This exhibition contains artworks and reproductions of archival materials. Using the collections at Columbia University’s Art Properties and Rare Book and Manuscript Library – as well as collections and archives at New York Public Library and the Library of Congress, the exhibition identifies key materials that locate Africans within early accounts of the colonial project that would become the United States, and provide insight on what the texture of life would have been like for Africans in the conflicted space of the New World. These archival materials are the basis from which to consider contemporary art that reflects attitudes, agreements, discord, popular culture and personal accounts about Africa and the descendants of African people as foundational actors in the emergence of the Atlantic World.
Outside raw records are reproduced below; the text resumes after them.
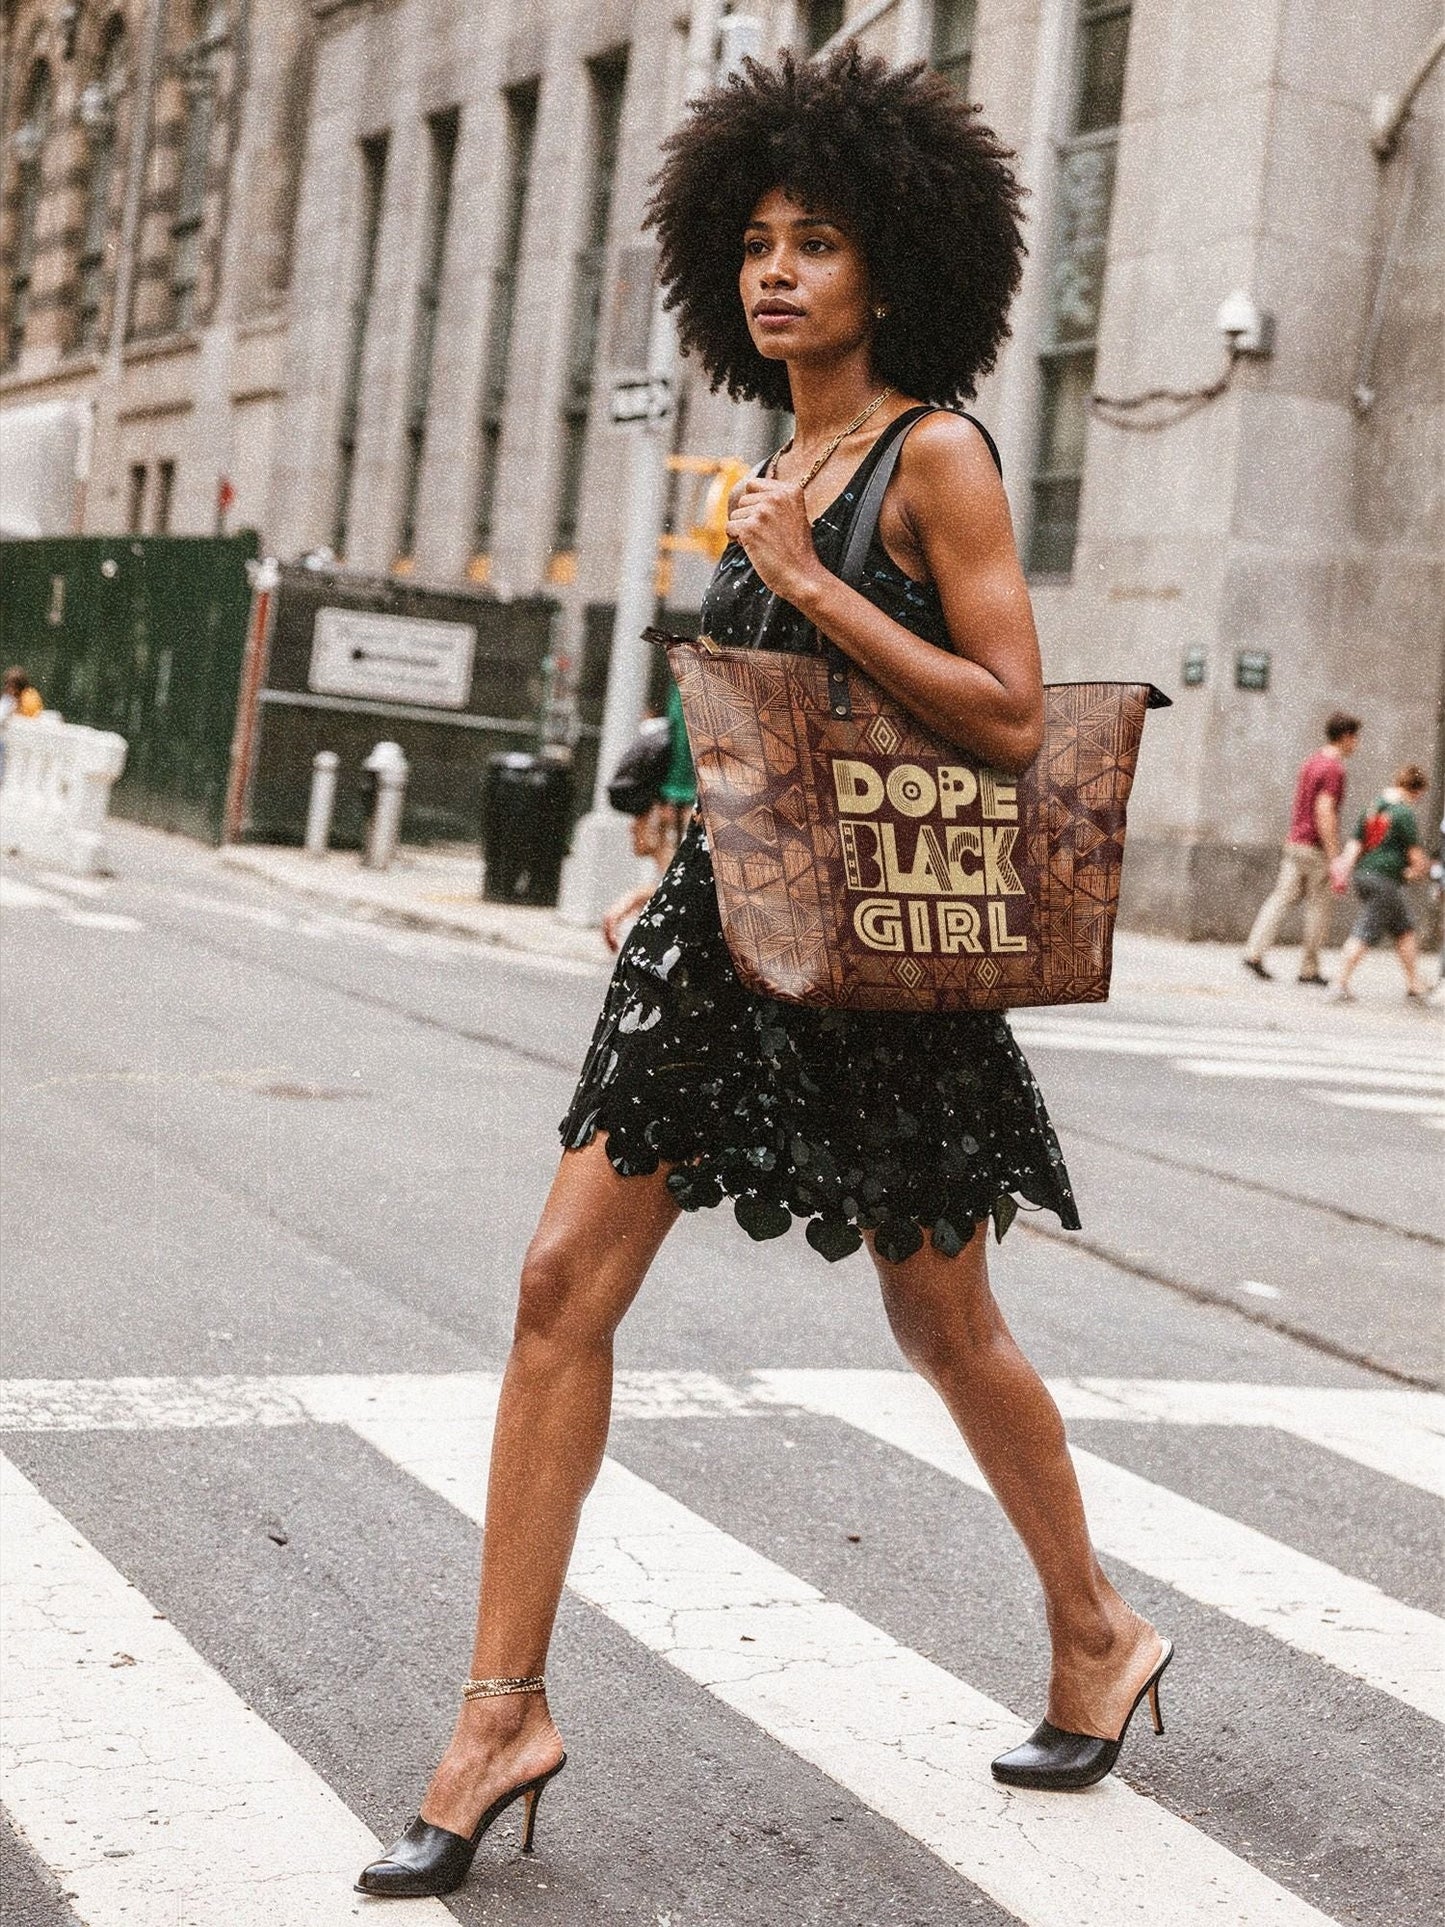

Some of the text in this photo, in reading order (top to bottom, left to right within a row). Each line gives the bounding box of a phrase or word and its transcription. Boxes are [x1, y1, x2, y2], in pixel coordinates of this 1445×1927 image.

[832, 759, 1018, 820] DOPE
[839, 820, 1026, 895] BLACK
[853, 898, 1028, 953] GIRL
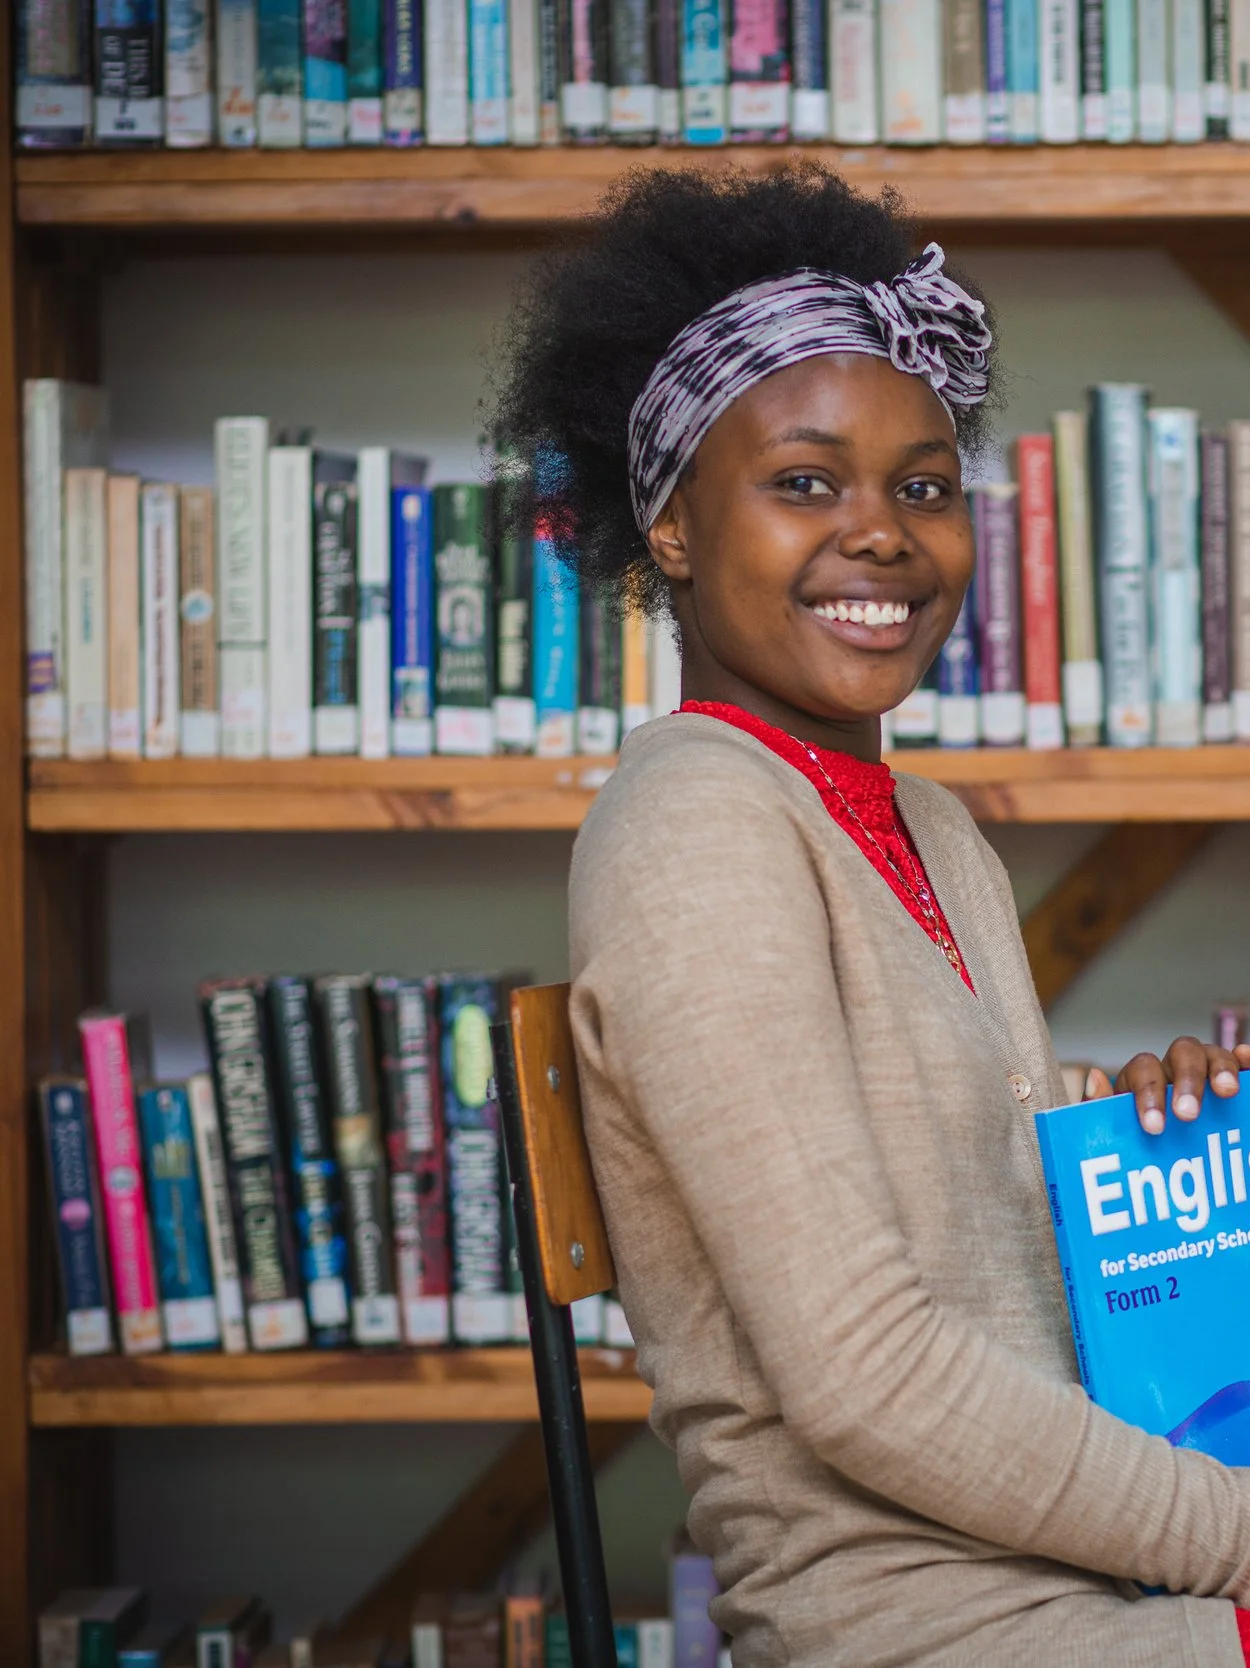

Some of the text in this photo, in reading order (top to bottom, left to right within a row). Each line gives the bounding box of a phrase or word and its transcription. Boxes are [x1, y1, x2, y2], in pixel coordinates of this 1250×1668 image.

[1100, 1258, 1127, 1278] for
[1127, 1238, 1216, 1272] Secondary
[1049, 1183, 1090, 1386] English for Secondary Schools
[1105, 1275, 1181, 1315] Form 2
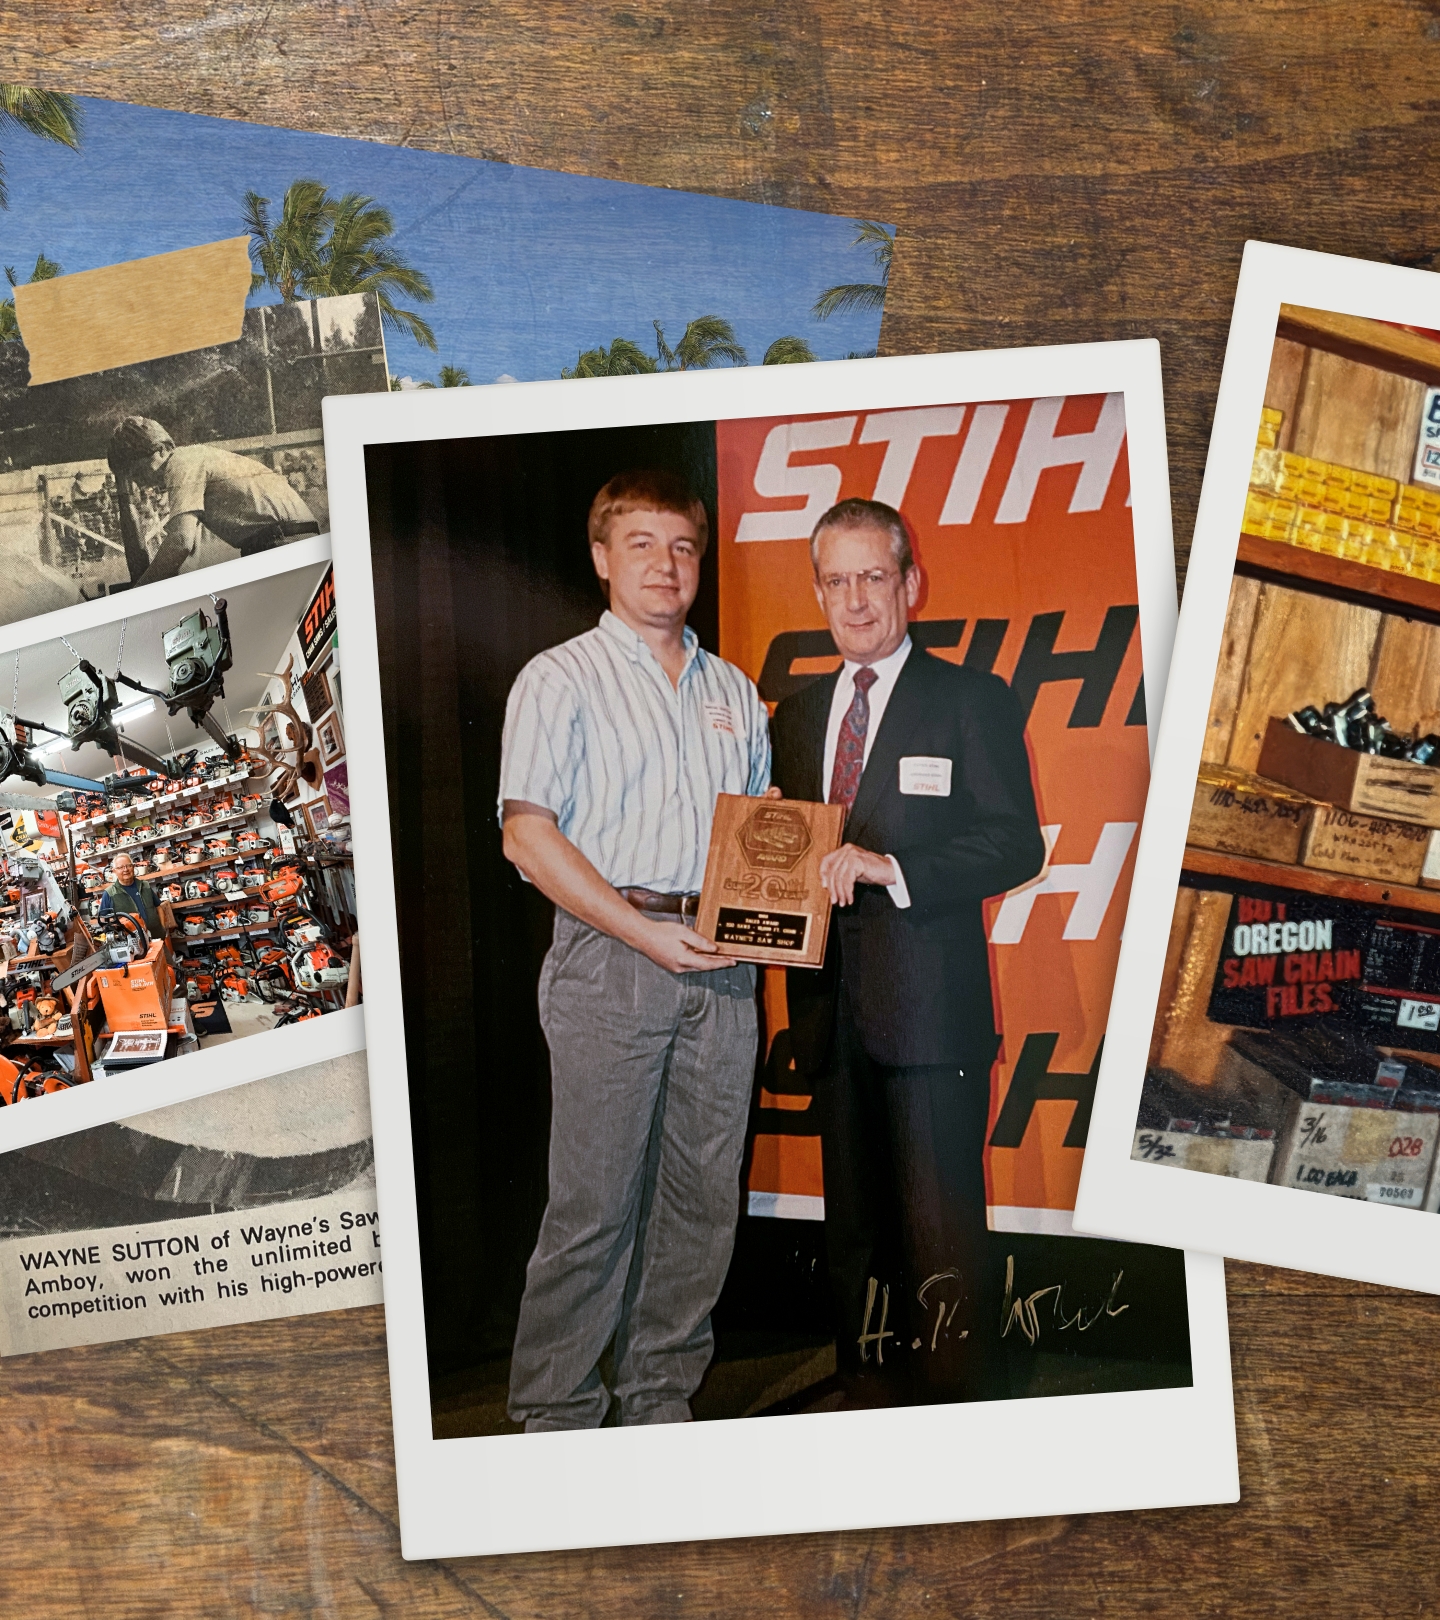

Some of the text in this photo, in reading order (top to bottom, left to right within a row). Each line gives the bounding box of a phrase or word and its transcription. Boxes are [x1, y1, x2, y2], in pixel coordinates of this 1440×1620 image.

[735, 391, 1132, 544] STIH
[913, 783, 939, 792] STIHL
[723, 933, 754, 942] WAYNE'S
[757, 936, 773, 944] SAW
[1233, 919, 1333, 957] OREGON
[16, 958, 46, 970] STIHL
[71, 965, 86, 978] STIHL
[1223, 956, 1278, 989] SAW
[1283, 949, 1361, 985] CHAIN
[1267, 983, 1339, 1018] FILES.
[1138, 1134, 1177, 1161] 5/32
[1300, 1112, 1328, 1148] 3/16
[20, 1246, 101, 1271] WAYNE
[112, 1235, 200, 1263] SUTTON
[211, 1229, 231, 1250] of
[240, 1216, 331, 1246] Wayne's
[24, 1274, 105, 1297] Amboy,
[126, 1265, 171, 1284] won
[193, 1255, 229, 1276] the
[250, 1234, 353, 1267] unlimited
[28, 1294, 147, 1319] competition
[158, 1286, 205, 1307] with
[217, 1280, 249, 1299] his
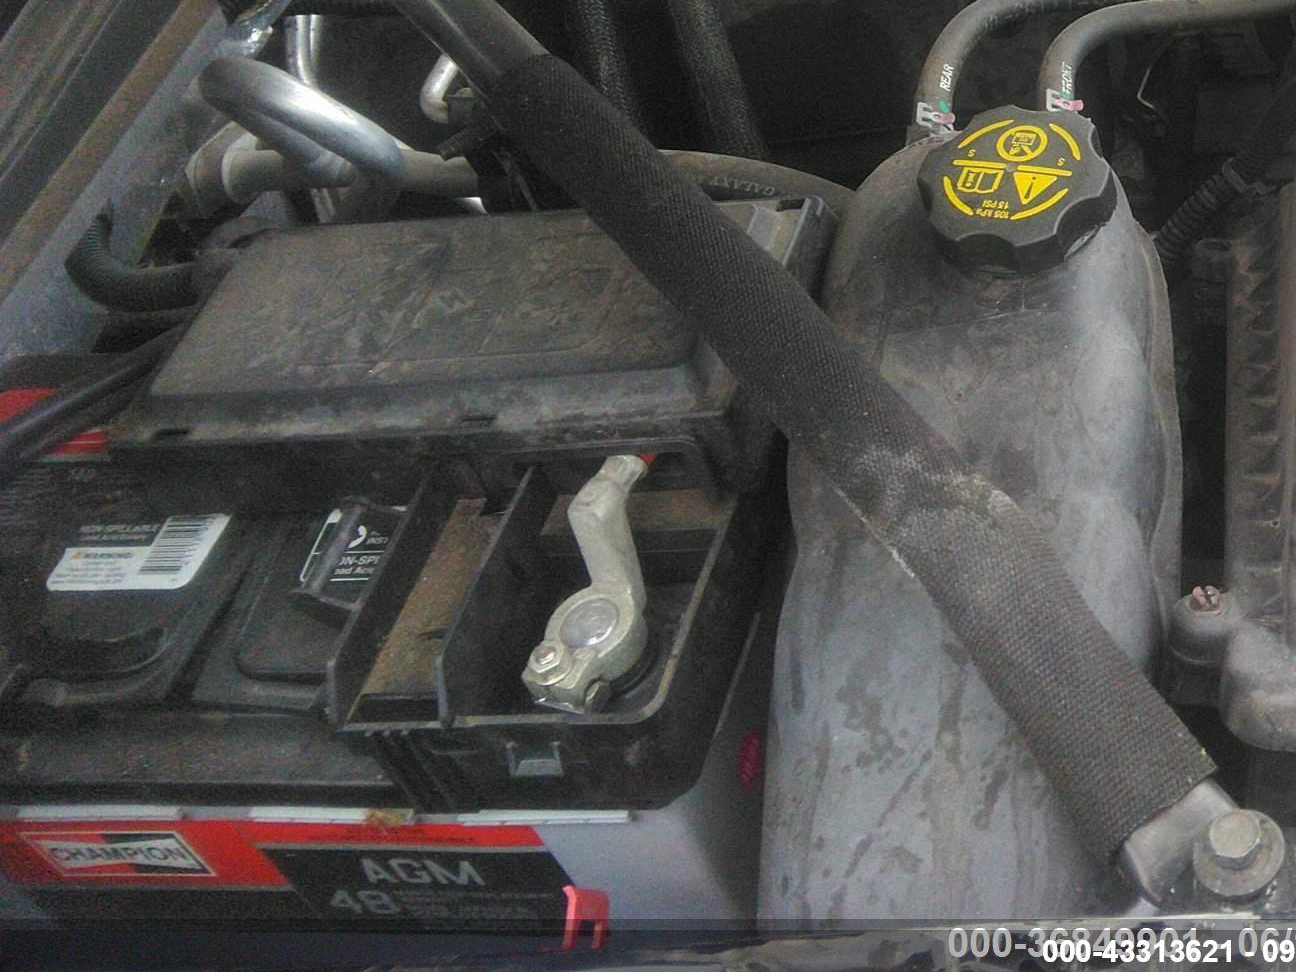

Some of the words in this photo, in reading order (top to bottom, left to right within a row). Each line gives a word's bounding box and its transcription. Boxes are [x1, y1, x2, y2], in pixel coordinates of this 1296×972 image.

[939, 63, 954, 91] REAR
[710, 175, 775, 197] GALAXY
[982, 199, 997, 209] PSI
[997, 199, 1009, 209] 15
[49, 846, 190, 862] CHAMPION
[360, 857, 486, 886] AGM
Artists in the exhibition include: Thomas Askew, Sanford Biggers, Adama Delphine Fawundu, Pamela Phatsimo Sunstrum, Hank Willis Thomas, Paula Wilson and Hale Woodruff.
Companion Programming:
Curator talk with Sanford Biggers:
Wednesday, September 25, 2019 5p – 6p
612 Schermerhorn Hall Columbia University
Wednesday, September 25, 2019 6p – 8p
Leroy Neiman Gallery
AAADS Conference 1619 and its Legacies:
September 26 – 27, 2019
Kalia Brooks Nelson, PhD, is a New York based educator, curator, consultant, and arts administrator. She is currently an Adjunct Professor in the African American and African Diaspora Studies Department at Columbia University. Her research is at the intersection of art theory, race, gender and imaging technologies. Brooks Nelson holds a PhD in Aesthetics and Art Theory from the Institute for Doctoral Studies in the Visual Arts. She received her MA in Curatorial Practice from the California College of the Arts in 2006, and was a Helena Rubinstein Fellow in Critical Studies at the Whitney Independent Study Program 2007/2008. She is co-editor of Women and Migration: Responses in Art and History published in 2019 by Open Book Publishers, Cambridge, UK. She has served as a consulting curator with the City of New York through the Department of Cultural Affairs and Gracie Mansion Conservancy. Brooks Nelson is also currently an ex-officio trustee on the Board of the Museum of the City of New York.